Despite daily evidence to the contrary many of us still like to hope, and perhaps need to believe, that the public servants we entrust with the care and education of our children for seven hours a day, five days a week, have at least some small modicum of personal integrity.

Recently, that hope was dashed yet again.

On Friday, July 18 state police at Coxsackie Correctional Facility in upstate New York arrested 40-year-old Sadie Silver, the principal of P.S. 28 in Bushwick, Brooklyn, for attempting to smuggle heroin and prescription drugs to her son who is serving time at the prison on weaponsassets-2014-Sadie charges. She was accompanied by Michael Acosta, 34, her boyfriend, and a ten year old child. Silver and Acosta were charged with promoting prison contraband and criminal possession of a controlled substance, both felonies, as well as endangering the welfare of a child. On Monday, July 21, Silver was removed from her post in her school building and assigned an administrative desk job pending the outcome of an internal investigation.
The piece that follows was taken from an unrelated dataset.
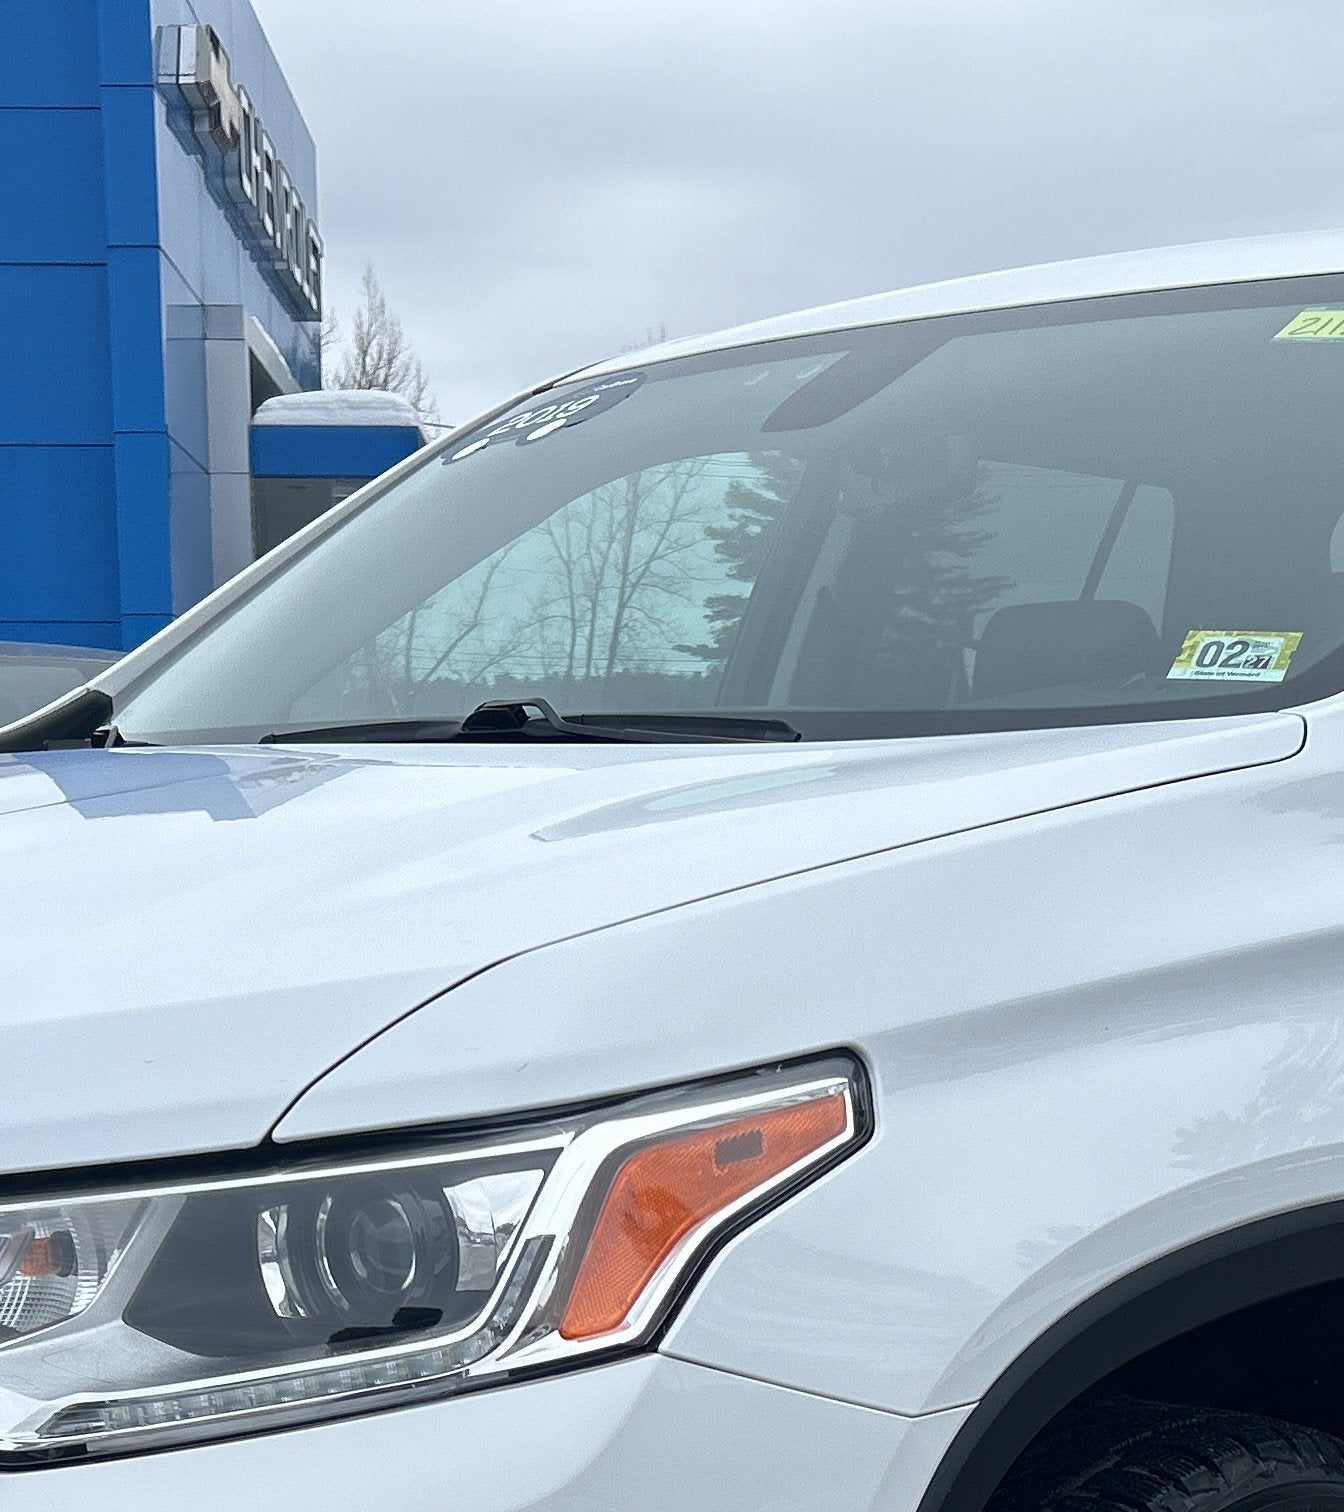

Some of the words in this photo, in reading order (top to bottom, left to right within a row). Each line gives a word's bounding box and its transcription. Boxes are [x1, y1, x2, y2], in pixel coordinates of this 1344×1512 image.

Frankly, this sounds exactly like the Bushwick I remember from my teaching days. 

The high school dropout, teen mother turned dope peddler principal is only the latest NYCDOE boss to earn well-deserved public notoriety. In July of last year, Elmhurst principal Minerva Zanca was accused in an affidavit of targeting African-American teachers for dismissal as well as saying that one Black teacher “looked like a gorilla in a sweater”. Such vitriolic remarks were commonplace when I worked in public schools in the city, as was discrimination and criminality, which is why I am always astonished by the ignorance of the general public in regard to corruption in inner-city schools.

The truth behind the carefully crafted Bloomberg-era public relations façade of the department’s slogan “New York’s Brightest” is ugly. I lived that truth. Like most people, I expected to find caring and dedicated professionals among New York’s teachers and principals. But earnest, fresh-faced coeds with a maternal instinct and a genuine desire to nurture young minds were almost nonexistent in the department. On the other hand, backstabbing, bitter, cynical, racist, sociopathic, vicious, career bureaucrats of both sexes were plentiful.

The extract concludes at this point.